Con frecuencia, algunos de los bichos que recorren la faz de la Tierra sobre sus dos patas traseras se obstinan en dividirse siempre en dos: comunistas y capitalistas, ateos y teístas, los que aman la pizza con piña y los que llevarían a la cárcel a los primeros. En fin… amigos y enemigos, nosotros y ellos. Son los bichos blancos y los bichos negros. Luego están los bichos que no encajan bien en esta división maniquea de unos y ceros: los bichos grises. Son los que se hacen preguntas, dudan y valoran los hechos en términos relativos. Los bichos que vuelan hacia la luz de una lámpara incandescente porque necesitan ver, escuchar y, si es posible, entender.
El pasado jueves 11 de diciembre, el cine Capitol de Madrid proyectó la première de Todos somos Gaza, el último documental de Hernán Zin y continuación del exitoso Nacido en Gaza (2014). El cineasta se propuso hallar y mostrarnos la situación de los niños que protagonizaron la primera película. En una guerra en la que el muro de hierro israelí también se extiende sobre el periodismo internacional, esta película abre una pequeña ventana a lo que está ocurriendo en la franja de Gaza. Y lo que nos muestra, aunque podamos imaginarlo, es espeluznante.
La película comienza y avanza al ritmo de dos sonidos que se repiten a lo largo de todo el metraje. El primero es una ráfaga que hiela la sangre, el sonido del aire desgarrándose por un misil. Rápido, aséptico y preludio del segundo, la detonación que golpea zonas urbanas de Gaza. Un estruendo que sacude los cimientos de Oriente. Brutal, atronador e inclemente, como la densa nube de humo y polvo que lo devora todo: departamentos, hospitales, vidas.

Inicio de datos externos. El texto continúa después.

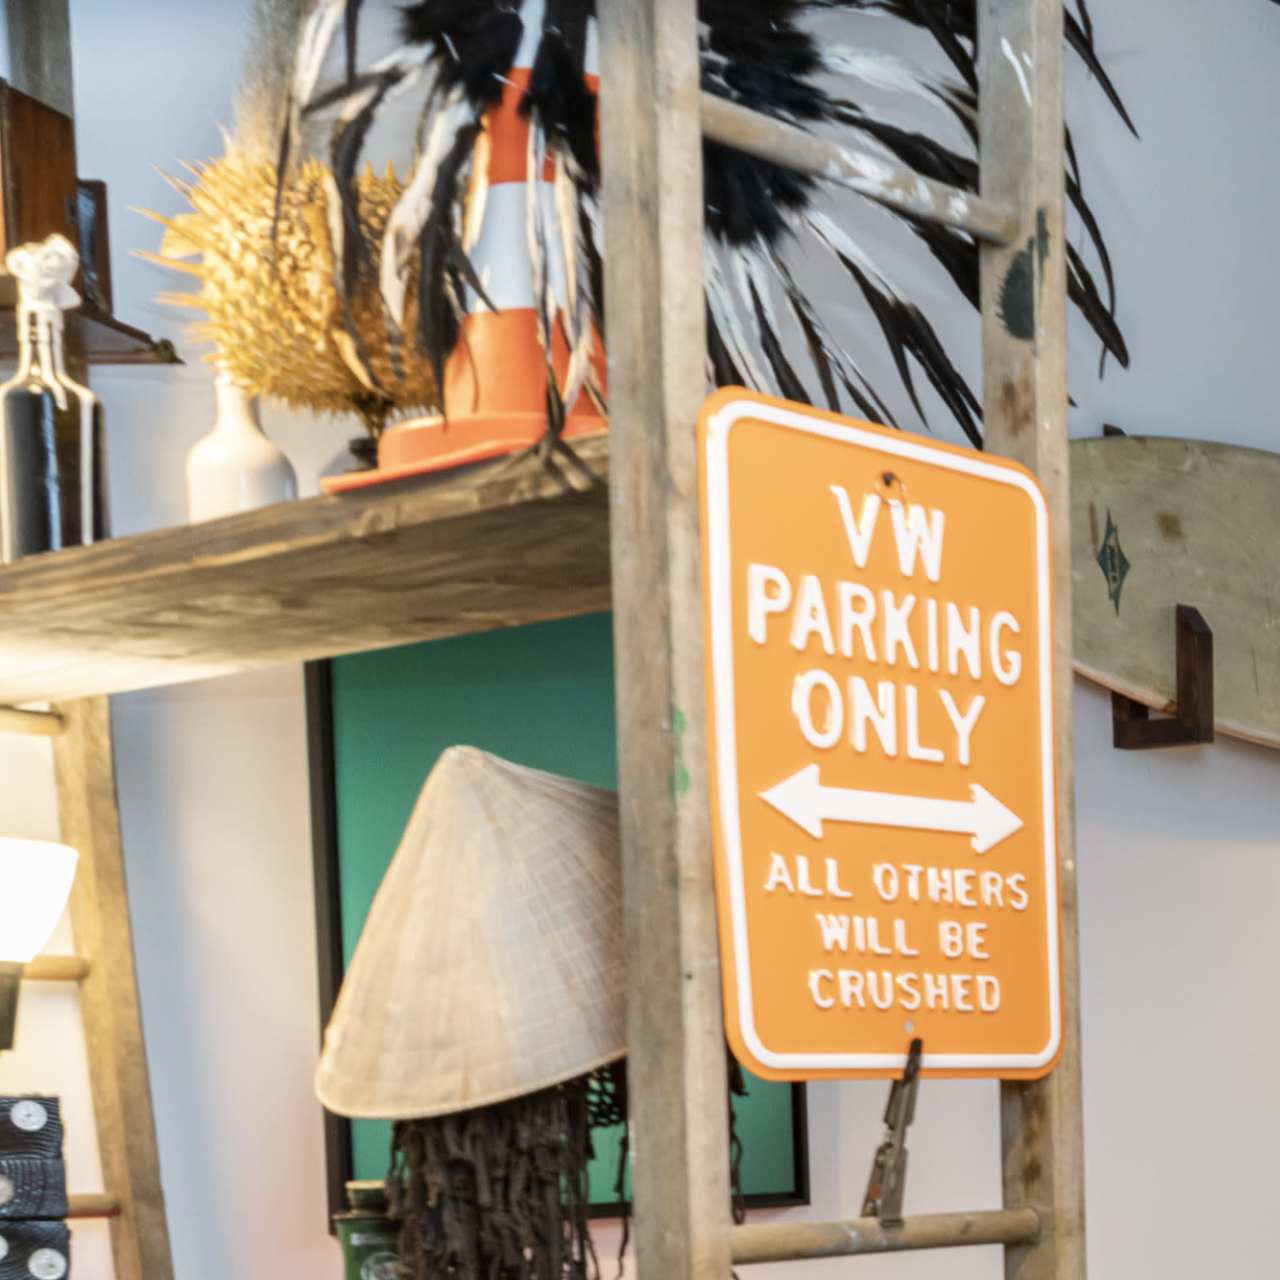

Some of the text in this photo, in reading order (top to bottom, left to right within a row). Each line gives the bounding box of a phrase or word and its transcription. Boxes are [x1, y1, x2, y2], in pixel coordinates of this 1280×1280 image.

Un edificio cae, los escombros se esparcen cerca de la cámara y los transeúntes próximos a la detonación corren o se guarecen. Algunos apenas se inclinan en un gesto defensivo que no terminan de completar, como si fueran conscientes de su ineficacia o como quien oye un golpe leve entre dos coches en una esquina. Otros casi ni se inmutan ante una rutina que parece demasiado familiar.
Hace diez años, Mohamed conducía un carro desvencijado a tiro de un famélico caballo en el que recogía botellas de plástico de un basural para ayudar a su familia. En la actualidad su situación no ha mejorado. Su hogar, que se compone de una tienda de plástico, una alfombra y dos colchones, se apoya sobre la loza de lo que alguna vez debió haber sido una construcción. Con una esposa y dos hijos, no tiene más opción que calzarse un par de zapatillas deshilachadas y jugarse la vida en los puntos de ayuda para traer algo que cocinar sobre un hornillo que se calienta a las llamas de plásticos quemados. Su futuro y el de su familia es incierto, su horizonte es estrecho, tan estrecho como lo que cabe en medio camión que los llevará al sur.
Bisan y Udai son los otros dos protagonistas del documental. Bisan cocina el pan entre los restos de una ciudad que se parece más a una escombrera que a un espacio urbano. Lleva una marca en el rostro que le recuerda el día en que volvió a nacer, rescatada entre los escombros, y en que su vida familiar se contrajo a tan sólo una hermana, al perder padre, madre y hermanos. También lleva en sus ojos la voluntad seguir estudiando para ingresar a la universidad y poder elegir la carrera de periodismo. Udai ha perdido a sus hermanos. La heladería de su padre fue construida y destruida tres veces, pero él sólo sueña con su prometida. Ella anhela y exige un regalo de bodas que se antoja imposible: paz.
Los bichos negros y blancos nos devoran, con ellos o en su contra, imponen. No admiten la preocupación por los civiles de Gaza, es antisemitismo, aúllan. Tampoco el señalamiento a las atrocidades de Hamás, es islamofobia, vociferan. Los bichos grises observan, reflexionan y se vuelven a hacer nuevas preguntas.